MATERIAL FOR THIS TASK:

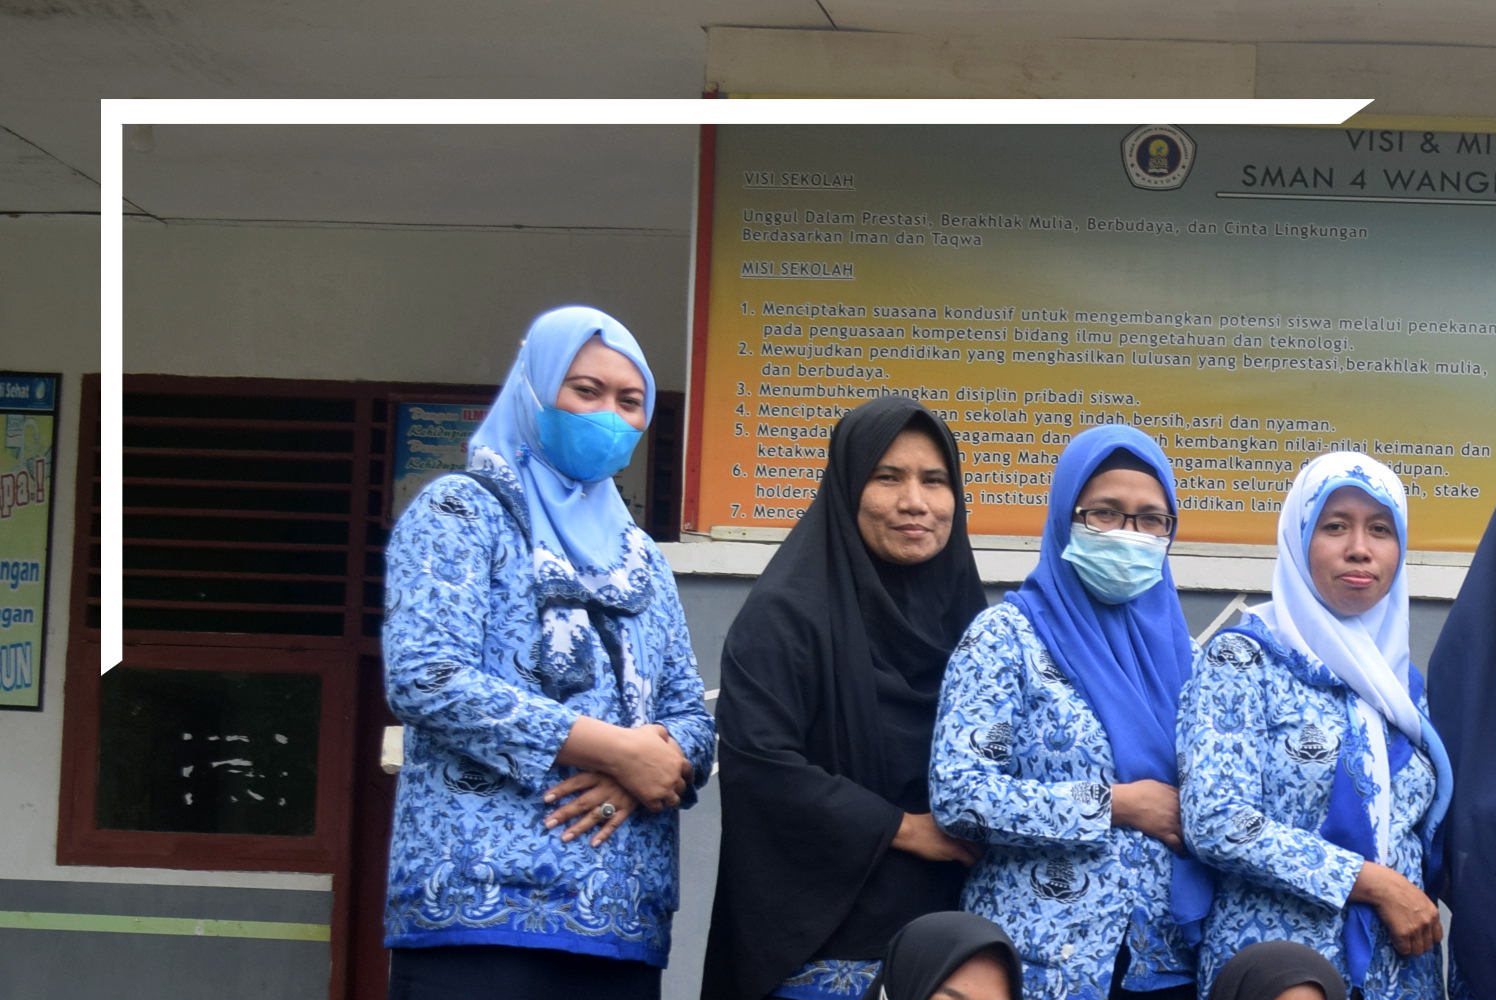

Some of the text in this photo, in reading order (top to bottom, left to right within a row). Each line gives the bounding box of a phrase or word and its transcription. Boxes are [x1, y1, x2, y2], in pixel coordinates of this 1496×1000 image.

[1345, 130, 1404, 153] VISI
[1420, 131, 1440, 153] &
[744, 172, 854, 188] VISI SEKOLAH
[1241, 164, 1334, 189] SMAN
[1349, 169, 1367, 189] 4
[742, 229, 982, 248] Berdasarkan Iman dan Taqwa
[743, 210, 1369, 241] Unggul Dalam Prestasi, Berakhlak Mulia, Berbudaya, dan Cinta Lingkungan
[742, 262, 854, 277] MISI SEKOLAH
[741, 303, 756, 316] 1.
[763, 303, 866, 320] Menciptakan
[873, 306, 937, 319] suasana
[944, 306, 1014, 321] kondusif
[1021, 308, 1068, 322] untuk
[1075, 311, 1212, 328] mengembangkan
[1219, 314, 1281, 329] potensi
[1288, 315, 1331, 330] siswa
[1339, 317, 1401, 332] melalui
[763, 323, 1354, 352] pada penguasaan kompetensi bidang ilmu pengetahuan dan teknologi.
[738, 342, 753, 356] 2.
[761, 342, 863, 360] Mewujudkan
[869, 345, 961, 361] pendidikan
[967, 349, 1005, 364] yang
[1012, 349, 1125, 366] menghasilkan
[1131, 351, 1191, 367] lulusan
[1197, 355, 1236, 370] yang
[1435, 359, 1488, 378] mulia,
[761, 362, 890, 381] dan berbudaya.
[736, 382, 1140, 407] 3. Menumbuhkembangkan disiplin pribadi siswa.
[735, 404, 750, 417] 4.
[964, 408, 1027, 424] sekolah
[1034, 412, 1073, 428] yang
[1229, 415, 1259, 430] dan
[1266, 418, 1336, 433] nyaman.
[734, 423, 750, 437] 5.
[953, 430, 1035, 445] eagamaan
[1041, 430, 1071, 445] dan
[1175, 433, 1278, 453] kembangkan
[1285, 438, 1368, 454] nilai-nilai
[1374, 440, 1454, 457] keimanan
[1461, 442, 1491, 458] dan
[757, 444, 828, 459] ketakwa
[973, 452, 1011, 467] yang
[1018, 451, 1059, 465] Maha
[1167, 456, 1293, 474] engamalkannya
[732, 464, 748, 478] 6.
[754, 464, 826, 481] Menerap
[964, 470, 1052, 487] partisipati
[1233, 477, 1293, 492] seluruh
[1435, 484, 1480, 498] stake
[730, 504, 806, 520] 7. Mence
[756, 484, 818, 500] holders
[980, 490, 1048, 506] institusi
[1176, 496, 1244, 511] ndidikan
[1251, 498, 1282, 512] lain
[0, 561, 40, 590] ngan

WHAT YOU WILL DO:
The entries are to be printed exactly as written; the pictures are to be left out.

OUTPUT:
Some of the text in this photo, in reading order (top to bottom, left to right within a row). Each line gives the bounding box of a phrase or word and its transcription. Boxes are [x1, y1, x2, y2], in pixel coordinates of this 1496×1000 image.

[1345, 130, 1404, 153] VISI
[1420, 131, 1440, 153] &
[744, 172, 854, 188] VISI SEKOLAH
[1241, 164, 1334, 189] SMAN
[1349, 169, 1367, 189] 4
[742, 229, 982, 248] Berdasarkan Iman dan Taqwa
[743, 210, 1369, 241] Unggul Dalam Prestasi, Berakhlak Mulia, Berbudaya, dan Cinta Lingkungan
[742, 262, 854, 277] MISI SEKOLAH
[741, 303, 756, 316] 1.
[763, 303, 866, 320] Menciptakan
[873, 306, 937, 319] suasana
[944, 306, 1014, 321] kondusif
[1021, 308, 1068, 322] untuk
[1075, 311, 1212, 328] mengembangkan
[1219, 314, 1281, 329] potensi
[1288, 315, 1331, 330] siswa
[1339, 317, 1401, 332] melalui
[763, 323, 1354, 352] pada penguasaan kompetensi bidang ilmu pengetahuan dan teknologi.
[738, 342, 753, 356] 2.
[761, 342, 863, 360] Mewujudkan
[869, 345, 961, 361] pendidikan
[967, 349, 1005, 364] yang
[1012, 349, 1125, 366] menghasilkan
[1131, 351, 1191, 367] lulusan
[1197, 355, 1236, 370] yang
[1435, 359, 1488, 378] mulia,
[761, 362, 890, 381] dan berbudaya.
[736, 382, 1140, 407] 3. Menumbuhkembangkan disiplin pribadi siswa.
[735, 404, 750, 417] 4.
[964, 408, 1027, 424] sekolah
[1034, 412, 1073, 428] yang
[1229, 415, 1259, 430] dan
[1266, 418, 1336, 433] nyaman.
[734, 423, 750, 437] 5.
[953, 430, 1035, 445] eagamaan
[1041, 430, 1071, 445] dan
[1175, 433, 1278, 453] kembangkan
[1285, 438, 1368, 454] nilai-nilai
[1374, 440, 1454, 457] keimanan
[1461, 442, 1491, 458] dan
[757, 444, 828, 459] ketakwa
[973, 452, 1011, 467] yang
[1018, 451, 1059, 465] Maha
[1167, 456, 1293, 474] engamalkannya
[732, 464, 748, 478] 6.
[754, 464, 826, 481] Menerap
[964, 470, 1052, 487] partisipati
[1233, 477, 1293, 492] seluruh
[1435, 484, 1480, 498] stake
[730, 504, 806, 520] 7. Mence
[756, 484, 818, 500] holders
[980, 490, 1048, 506] institusi
[1176, 496, 1244, 511] ndidikan
[1251, 498, 1282, 512] lain
[0, 561, 40, 590] ngan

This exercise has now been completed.